Recent political debates have suggested that the United States is on the verge of a crisis and their position as a leader in producing talented and ambitious individuals in technical professions, such as engineering, is in jeopardy. A National Academy of Sciences 2006 report stated, “the United States can no longer afford the underperformance of our academic institutions in attracting the best and brightest minds to the science and engineering enterprise. Nor can it afford to devalue the contributions of some members of that workforce through gender inequities and discrimination” (2006).

Recent years have seen the movement of women into male-predominated programs and the movement of some programs toward gender-neutral compositions. However, a study of undergraduate college women revealed that women in male-predominated programs were more likely than those in female-predominated programs to report thinking about changing their major (Steele, James, & Bartnett, 2002) indicating that there is a problem in retaining these women recruited into male-predominated programs.

This study assessed perceptions of family supportiveness in academic program and anticipated career, anticipated career barriers, gender ideology and strategies for combining career and family among 181 graduate students from male-predominated, female-predominated, and gender-neutral programs at 11 research-extensive universities in the United States. Gender and program comparisons in perceptions of family supportiveness and anticipated career barriers were examined.
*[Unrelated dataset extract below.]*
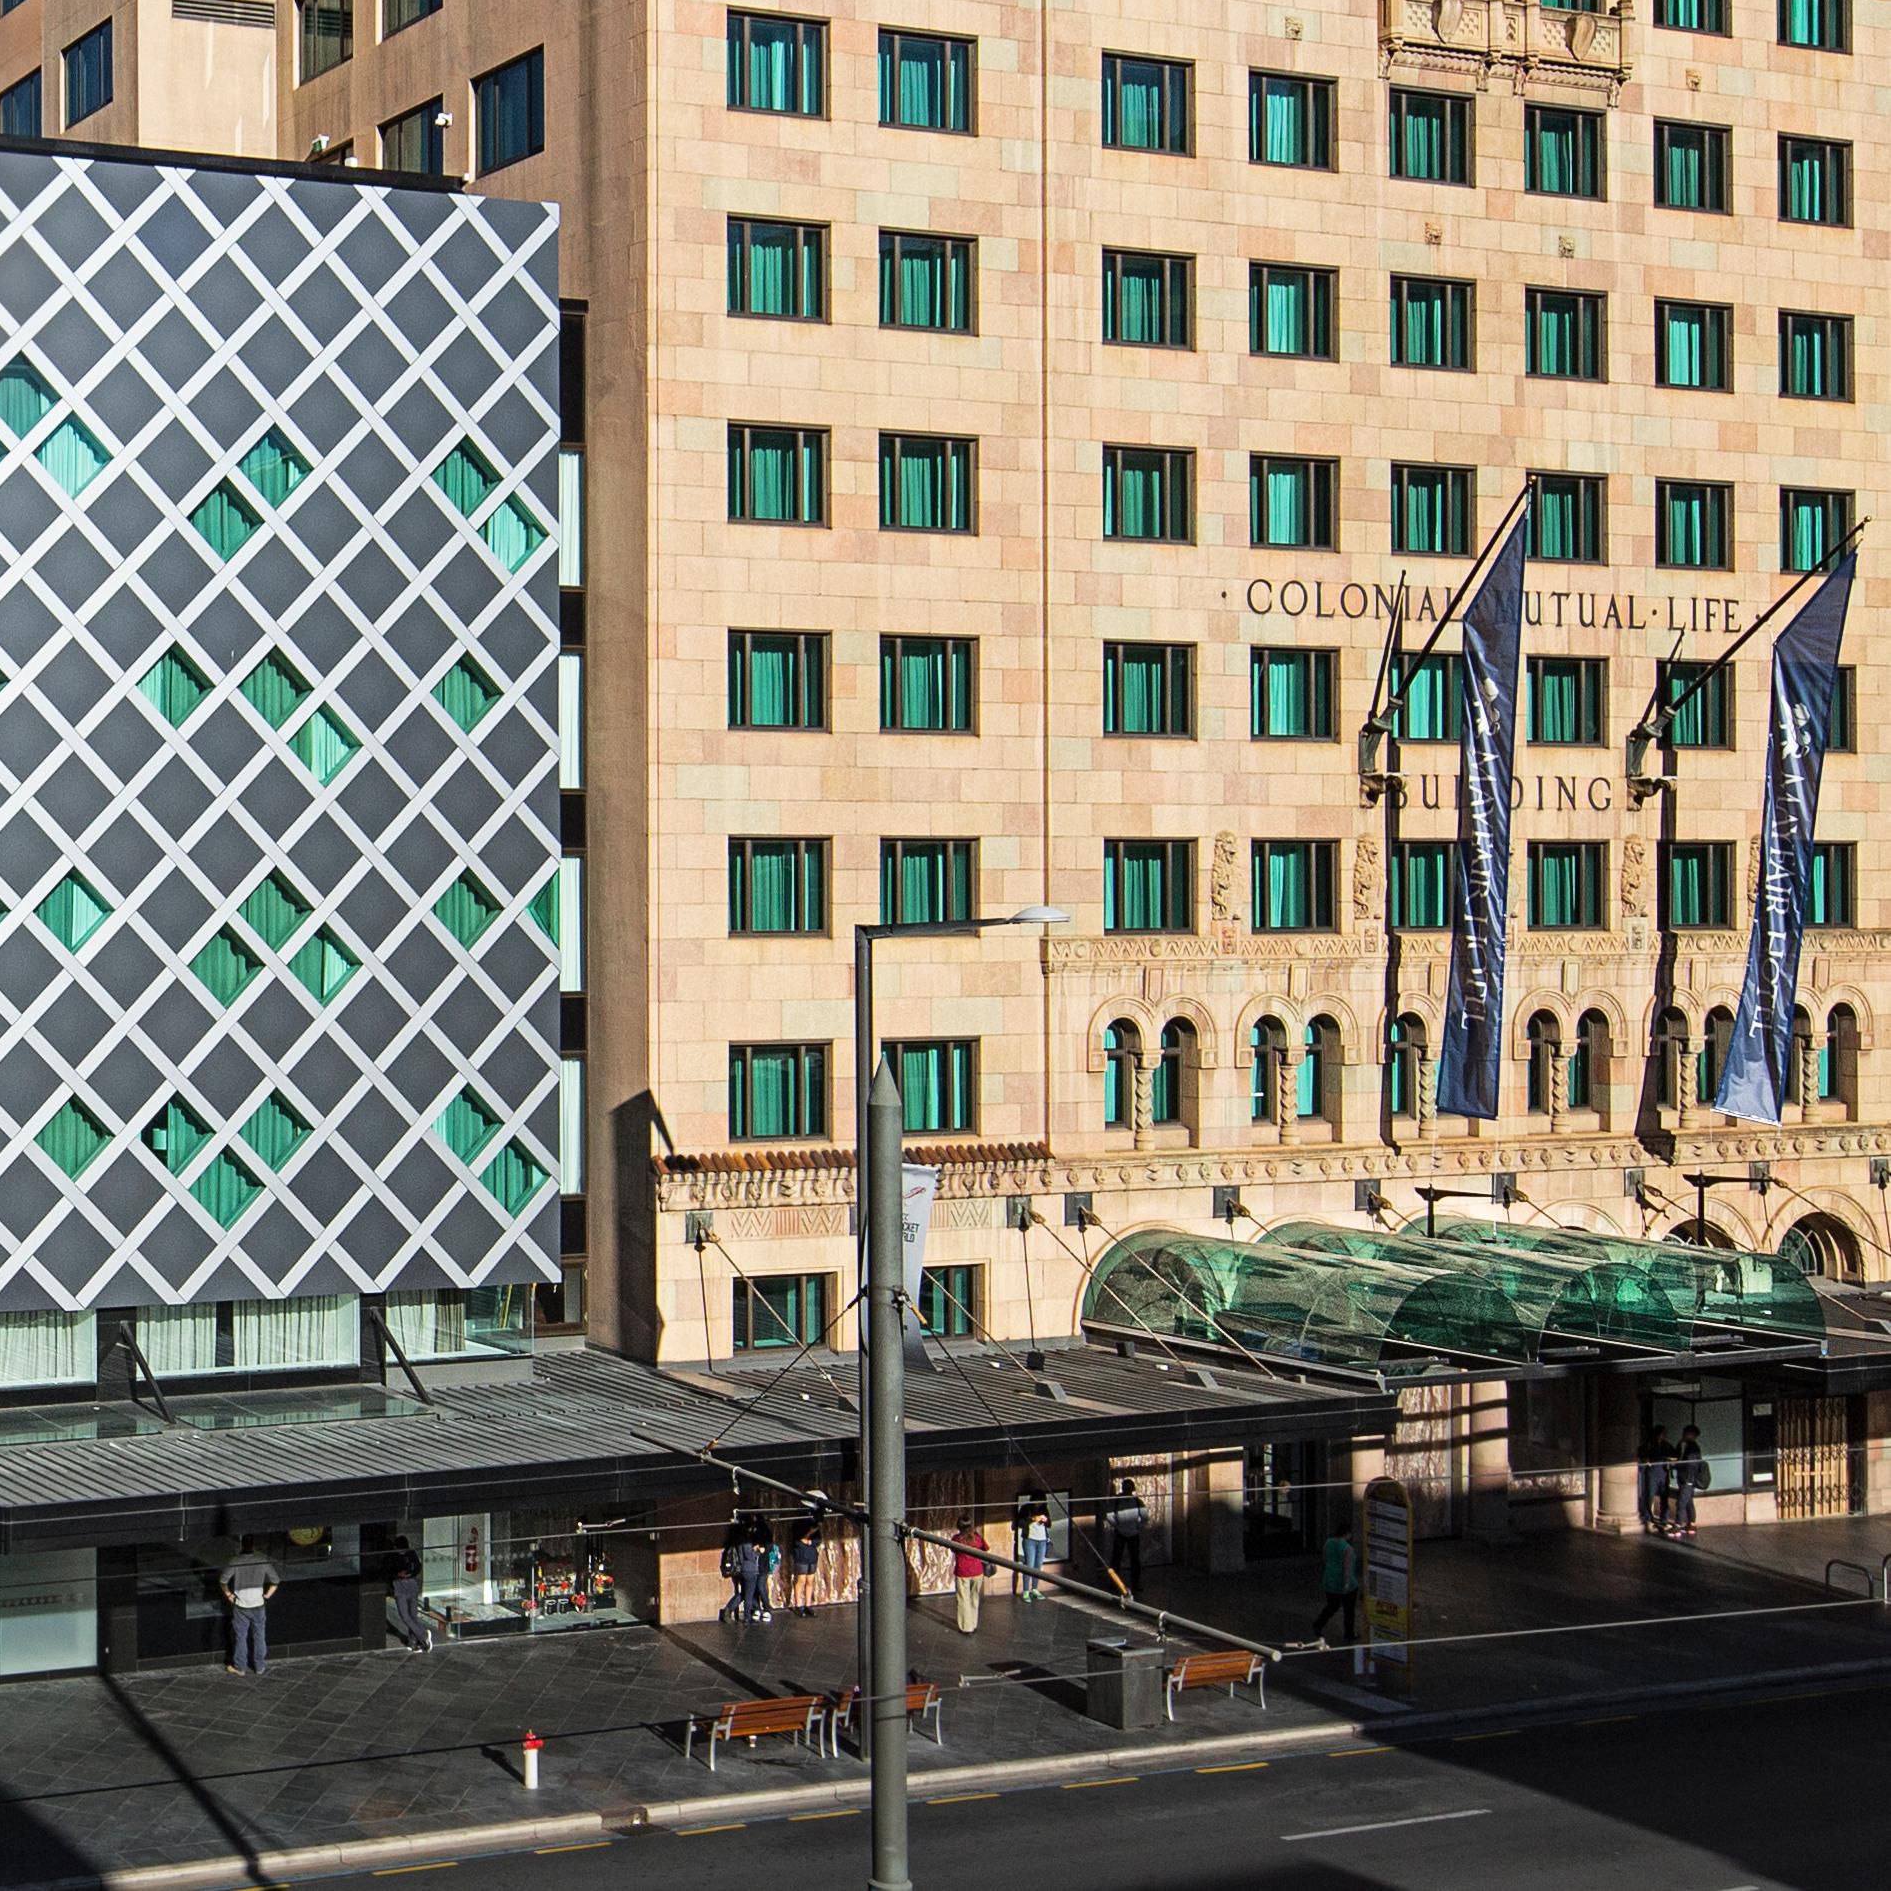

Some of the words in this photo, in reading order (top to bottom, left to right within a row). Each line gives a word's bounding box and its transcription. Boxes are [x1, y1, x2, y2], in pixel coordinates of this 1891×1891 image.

Unexpectedly, students in female-predominated programs perceived their programs and future careers to be less supportive of families than students in other programs. Women also anticipated more barriers to their chosen careers than men, with a significant gender by program interaction with women in male-predominated programs anticipating the most severe career barriers. While an egalitarian gender ideology was found to be a significant predictor of career scaling back for women it was not associated with career scaling back for men.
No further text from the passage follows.